___ Dataset records

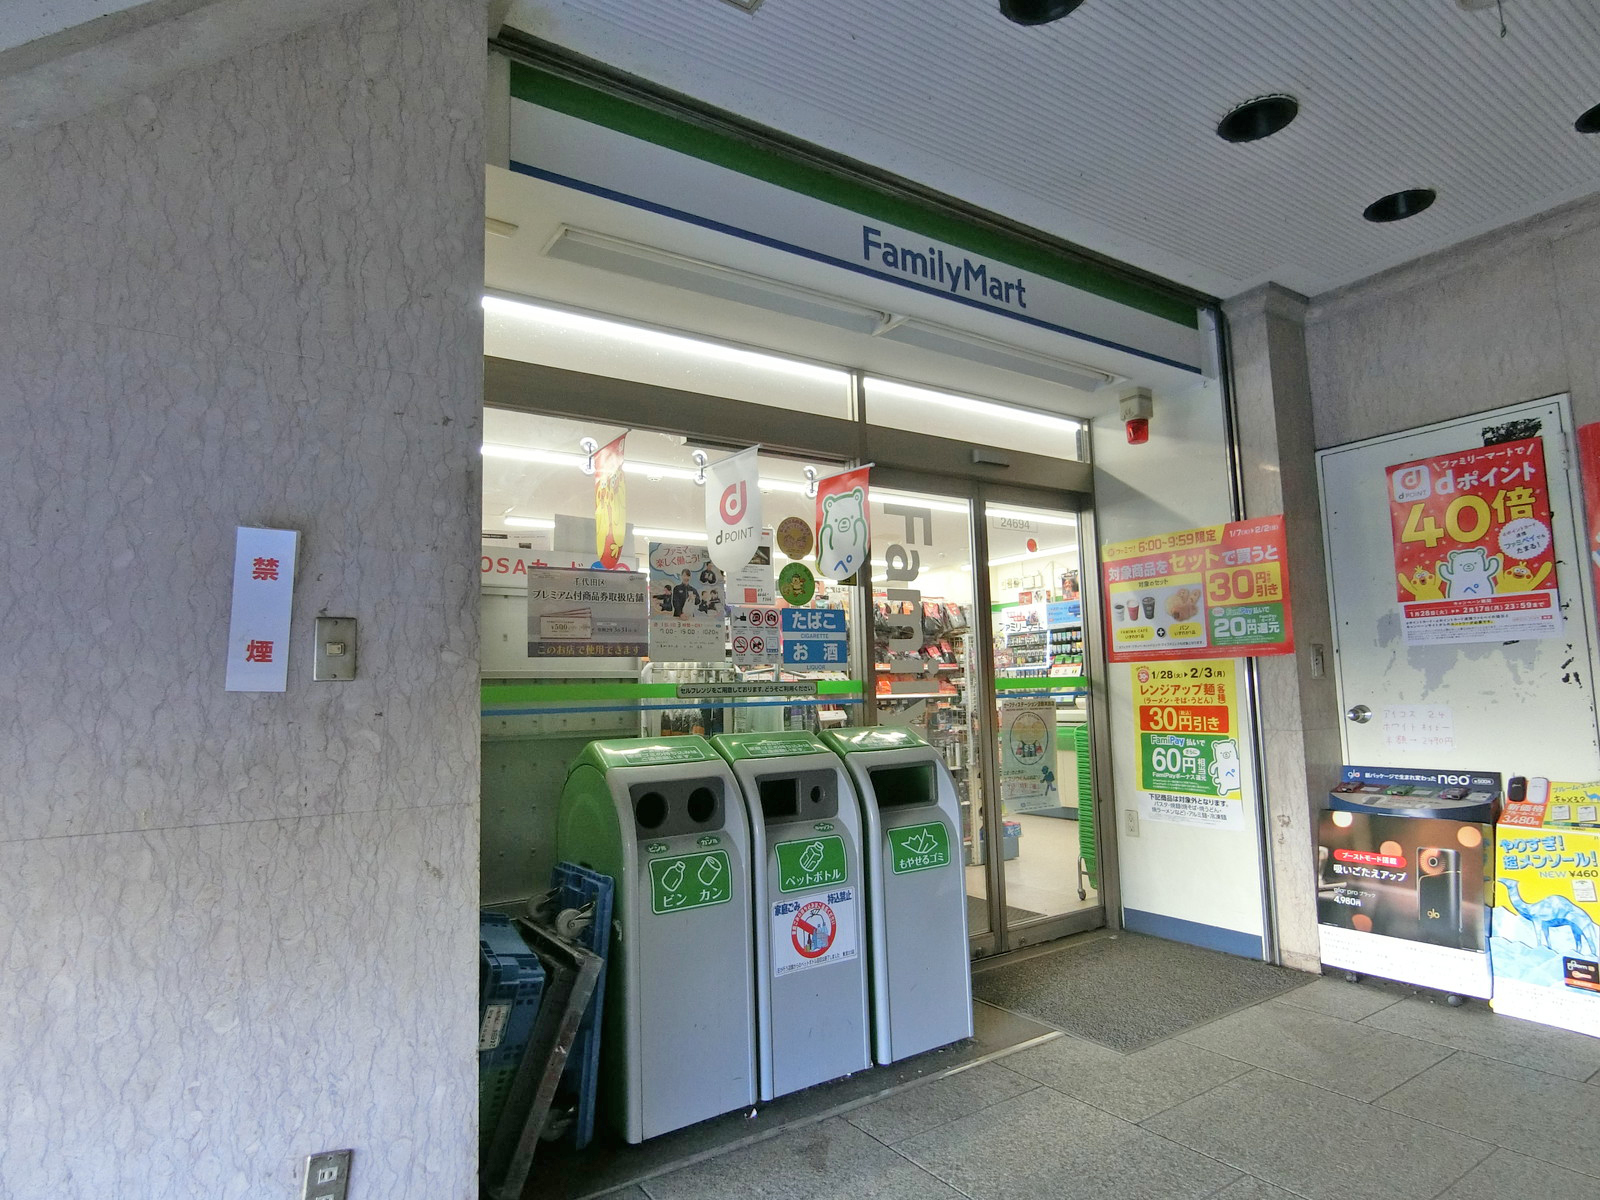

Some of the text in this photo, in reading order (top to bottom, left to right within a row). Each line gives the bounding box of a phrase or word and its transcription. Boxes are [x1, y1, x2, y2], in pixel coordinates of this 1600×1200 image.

[863, 225, 1027, 309] FamilyMart
[1441, 446, 1525, 469] ファミリーマートで
[1435, 461, 1536, 495] dポイント
[1000, 517, 1030, 530] 24694
[1401, 485, 1537, 548] 40倍
[724, 526, 754, 543] POINT
[656, 554, 701, 568] 楽しく働こう!
[1108, 545, 1279, 581] 対象商品をセットで買うと
[574, 578, 607, 587] 千代田区
[1209, 569, 1255, 602] 30
[1255, 571, 1266, 584] 円
[1256, 583, 1279, 598] 引き
[533, 589, 644, 603] プレミアム付商品券取扱店舗
[246, 557, 279, 663] 禁煙
[792, 611, 837, 630] たばこ
[537, 644, 640, 656] このお店で使用できます
[1190, 667, 1226, 679] 2/3(月)
[1140, 683, 1216, 696] レンジアップ麺
[1149, 706, 1220, 732] 30円引き
[1151, 735, 1185, 747] FamiPay
[1347, 769, 1361, 779] glo
[1438, 774, 1470, 786] neo
[1149, 793, 1229, 808] 下記商品は対象外となります。
[1507, 803, 1545, 812] 新価格
[1499, 835, 1565, 853] やりすぎ!
[899, 852, 944, 869] もやせるゴミ
[1342, 852, 1398, 865] ブーストモード搭載
[1503, 850, 1598, 870] 超メンソール!
[785, 869, 842, 886] ペットボトル
[1333, 864, 1407, 882] 吸いごたえアップ
[1569, 869, 1599, 878] ¥460
[663, 887, 723, 908] ビン カン
[827, 890, 853, 905] 持込禁止
[774, 901, 801, 917] 家庭ごみ
[1426, 908, 1440, 920] glo

______

= Work to be completed =
Could you return the entire listing above verbatim while dropping each picture?

= Expected output =
Some of the text in this photo, in reading order (top to bottom, left to right within a row). Each line gives the bounding box of a phrase or word and its transcription. Boxes are [x1, y1, x2, y2], in pixel coordinates of this 1600×1200 image.

[863, 225, 1027, 309] FamilyMart
[1441, 446, 1525, 469] ファミリーマートで
[1435, 461, 1536, 495] dポイント
[1000, 517, 1030, 530] 24694
[1401, 485, 1537, 548] 40倍
[724, 526, 754, 543] POINT
[656, 554, 701, 568] 楽しく働こう!
[1108, 545, 1279, 581] 対象商品をセットで買うと
[574, 578, 607, 587] 千代田区
[1209, 569, 1255, 602] 30
[1255, 571, 1266, 584] 円
[1256, 583, 1279, 598] 引き
[533, 589, 644, 603] プレミアム付商品券取扱店舗
[246, 557, 279, 663] 禁煙
[792, 611, 837, 630] たばこ
[537, 644, 640, 656] このお店で使用できます
[1190, 667, 1226, 679] 2/3(月)
[1140, 683, 1216, 696] レンジアップ麺
[1149, 706, 1220, 732] 30円引き
[1151, 735, 1185, 747] FamiPay
[1347, 769, 1361, 779] glo
[1438, 774, 1470, 786] neo
[1149, 793, 1229, 808] 下記商品は対象外となります。
[1507, 803, 1545, 812] 新価格
[1499, 835, 1565, 853] やりすぎ!
[899, 852, 944, 869] もやせるゴミ
[1342, 852, 1398, 865] ブーストモード搭載
[1503, 850, 1598, 870] 超メンソール!
[785, 869, 842, 886] ペットボトル
[1333, 864, 1407, 882] 吸いごたえアップ
[1569, 869, 1599, 878] ¥460
[663, 887, 723, 908] ビン カン
[827, 890, 853, 905] 持込禁止
[774, 901, 801, 917] 家庭ごみ
[1426, 908, 1440, 920] glo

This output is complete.